» **PROBLEM STATEMENT**
Type out the lines below exactly, pictures excluded.

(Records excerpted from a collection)
=== Section Start ===

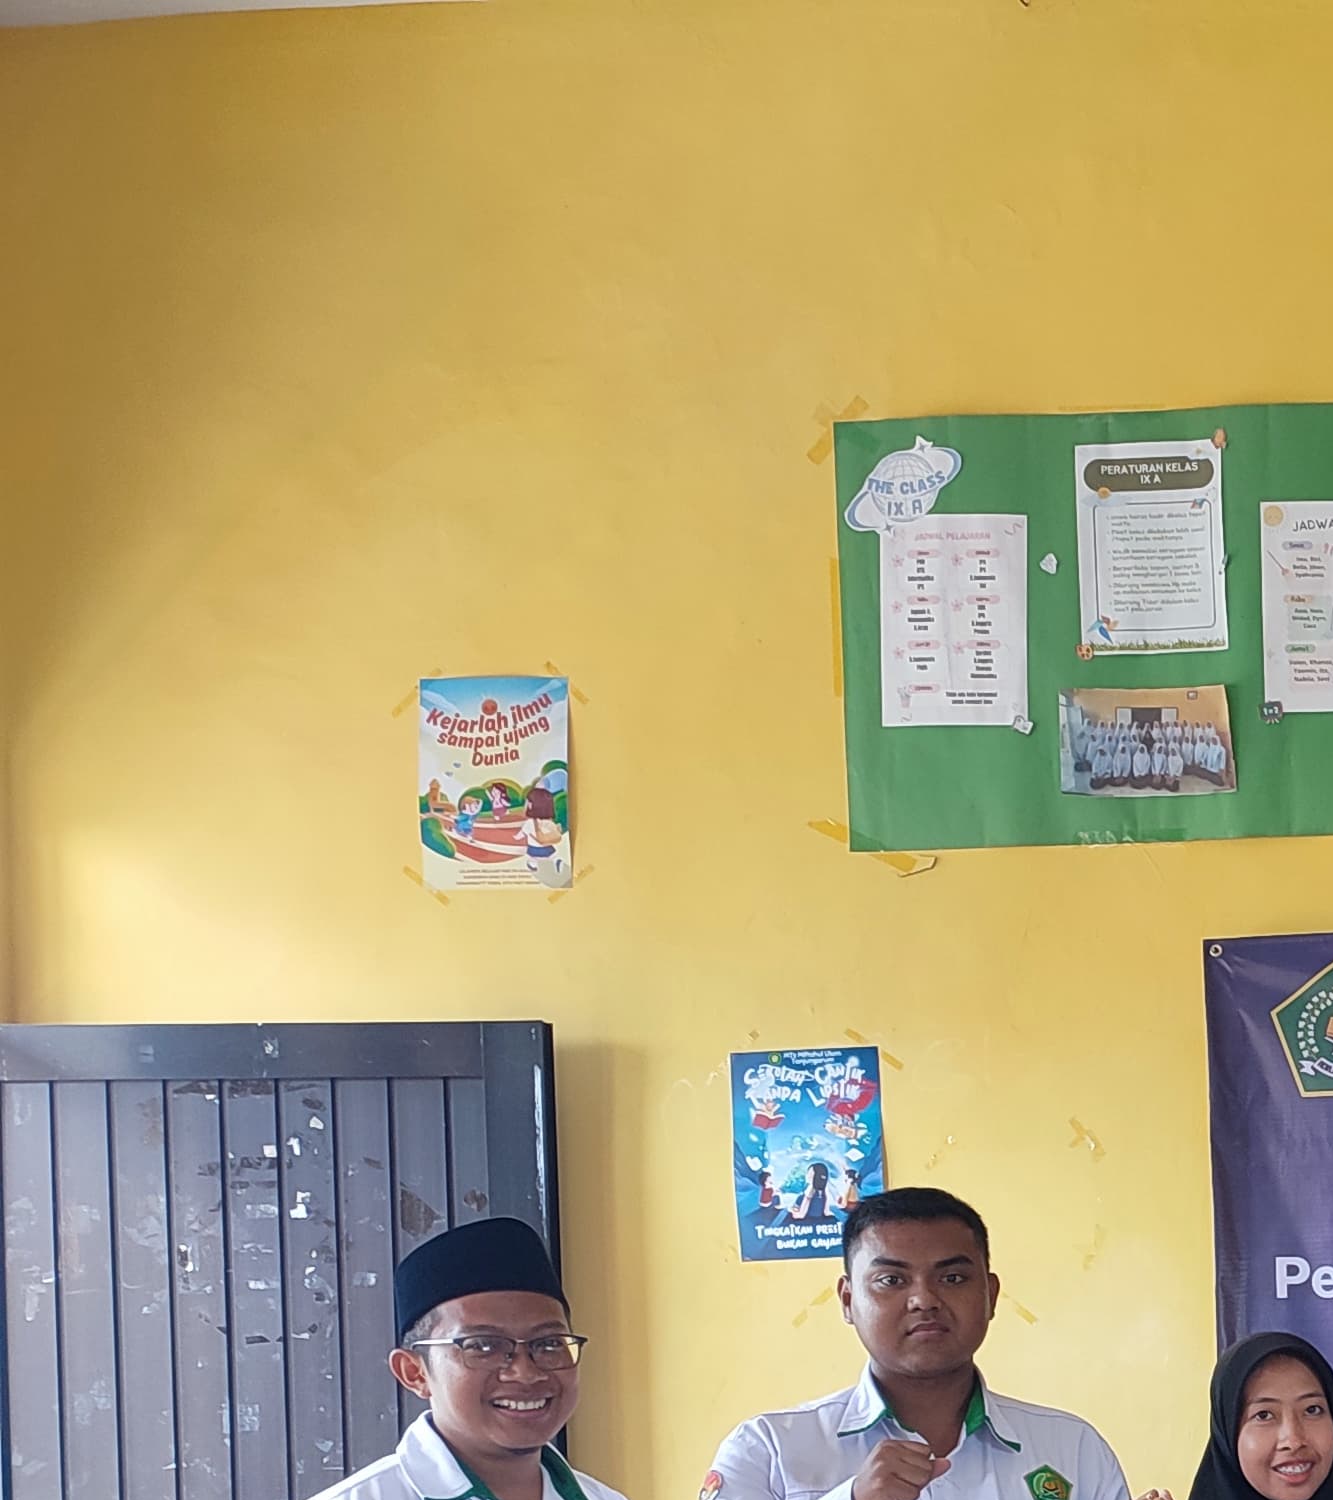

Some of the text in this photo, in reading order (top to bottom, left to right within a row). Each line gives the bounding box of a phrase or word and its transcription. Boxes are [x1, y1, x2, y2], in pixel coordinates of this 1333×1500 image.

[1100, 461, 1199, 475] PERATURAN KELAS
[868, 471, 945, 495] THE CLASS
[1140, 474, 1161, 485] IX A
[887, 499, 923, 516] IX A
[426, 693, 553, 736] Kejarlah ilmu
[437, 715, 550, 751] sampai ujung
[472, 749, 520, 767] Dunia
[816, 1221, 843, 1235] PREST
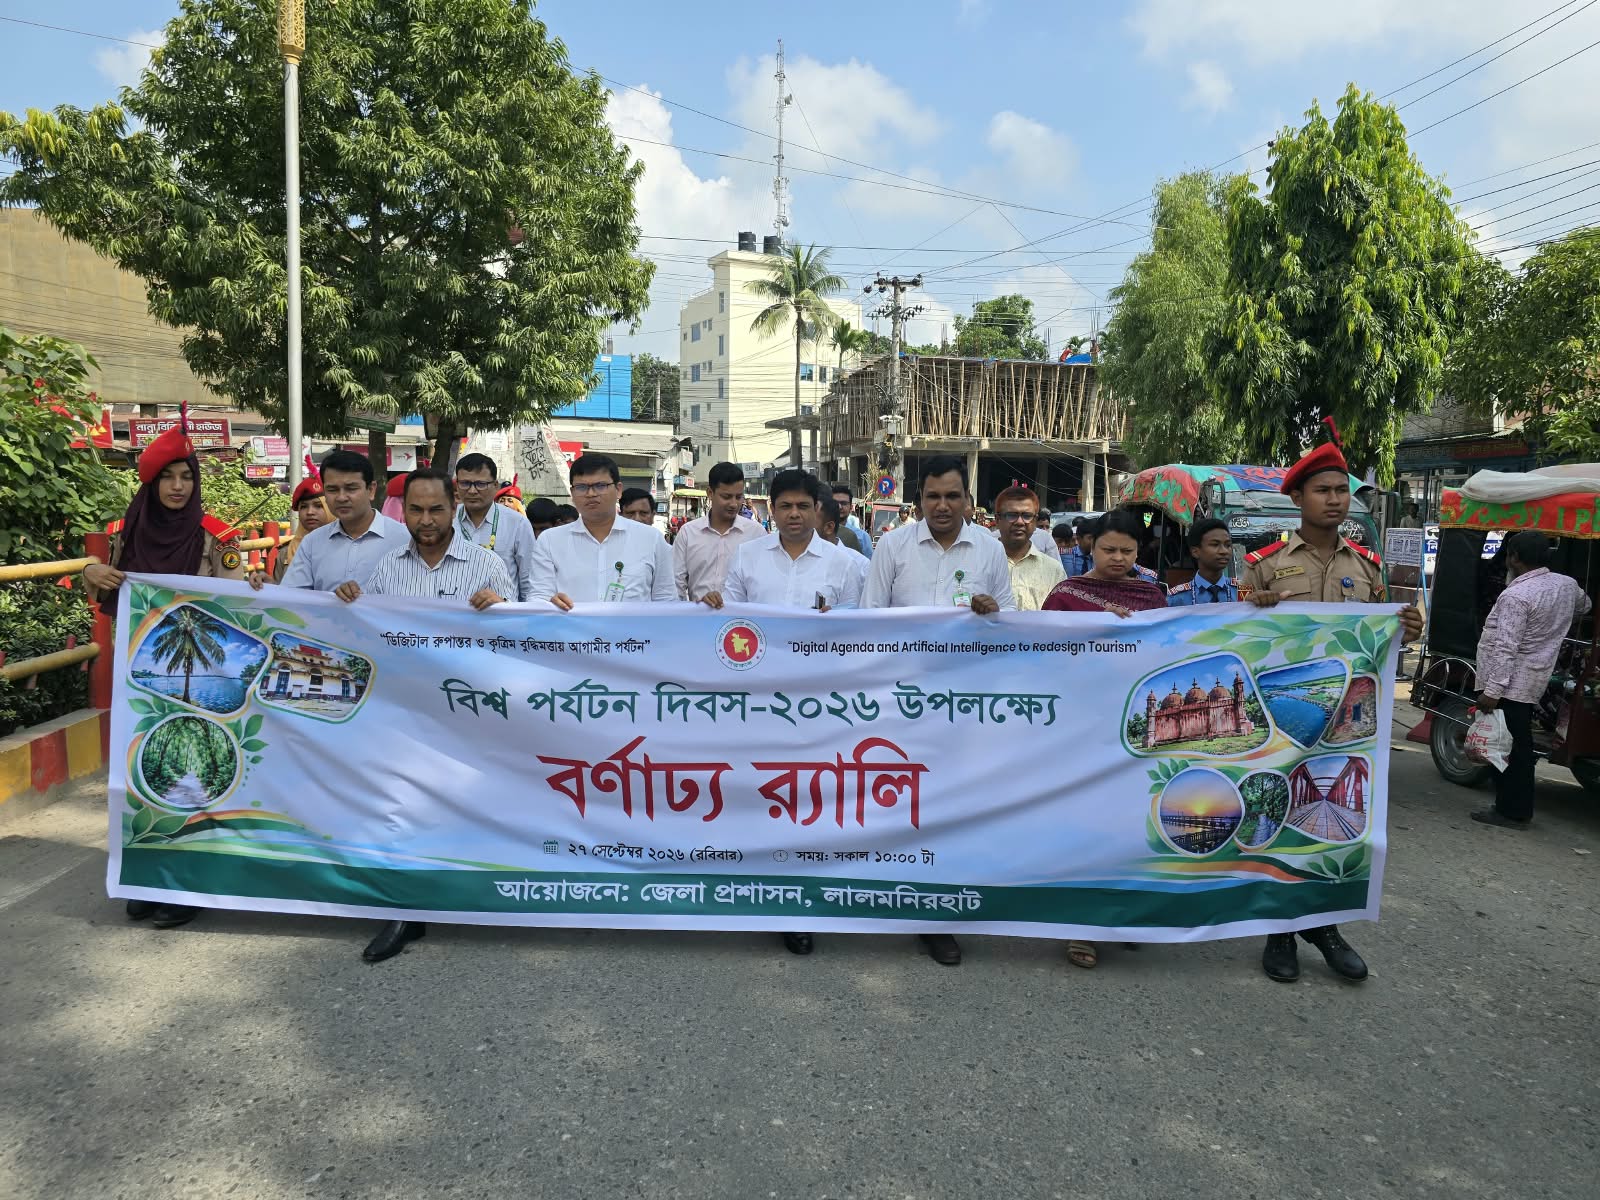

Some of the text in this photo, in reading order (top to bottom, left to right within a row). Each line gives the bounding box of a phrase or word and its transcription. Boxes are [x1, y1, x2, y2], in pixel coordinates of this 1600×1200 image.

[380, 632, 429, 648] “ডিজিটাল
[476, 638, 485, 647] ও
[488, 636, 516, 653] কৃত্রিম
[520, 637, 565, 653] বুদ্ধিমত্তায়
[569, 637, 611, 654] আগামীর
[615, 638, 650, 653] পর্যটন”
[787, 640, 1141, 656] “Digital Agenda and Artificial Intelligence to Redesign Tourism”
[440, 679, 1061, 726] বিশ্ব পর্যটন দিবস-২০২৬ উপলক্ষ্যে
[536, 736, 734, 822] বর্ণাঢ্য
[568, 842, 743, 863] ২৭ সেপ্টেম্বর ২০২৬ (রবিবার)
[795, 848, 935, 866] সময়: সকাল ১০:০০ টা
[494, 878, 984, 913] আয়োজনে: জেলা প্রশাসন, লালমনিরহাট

=== Section End ===

» **TASK RESULT**
Some of the text in this photo, in reading order (top to bottom, left to right within a row). Each line gives the bounding box of a phrase or word and its transcription. Boxes are [x1, y1, x2, y2], in pixel coordinates of this 1333×1500 image.

[1100, 461, 1199, 475] PERATURAN KELAS
[868, 471, 945, 495] THE CLASS
[1140, 474, 1161, 485] IX A
[887, 499, 923, 516] IX A
[426, 693, 553, 736] Kejarlah ilmu
[437, 715, 550, 751] sampai ujung
[472, 749, 520, 767] Dunia
[816, 1221, 843, 1235] PREST

Some of the text in this photo, in reading order (top to bottom, left to right within a row). Each line gives the bounding box of a phrase or word and its transcription. Boxes are [x1, y1, x2, y2], in pixel coordinates of this 1600×1200 image.

[380, 632, 429, 648] “ডিজিটাল
[476, 638, 485, 647] ও
[488, 636, 516, 653] কৃত্রিম
[520, 637, 565, 653] বুদ্ধিমত্তায়
[569, 637, 611, 654] আগামীর
[615, 638, 650, 653] পর্যটন”
[787, 640, 1141, 656] “Digital Agenda and Artificial Intelligence to Redesign Tourism”
[440, 679, 1061, 726] বিশ্ব পর্যটন দিবস-২০২৬ উপলক্ষ্যে
[536, 736, 734, 822] বর্ণাঢ্য
[568, 842, 743, 863] ২৭ সেপ্টেম্বর ২০২৬ (রবিবার)
[795, 848, 935, 866] সময়: সকাল ১০:০০ টা
[494, 878, 984, 913] আয়োজনে: জেলা প্রশাসন, লালমনিরহাট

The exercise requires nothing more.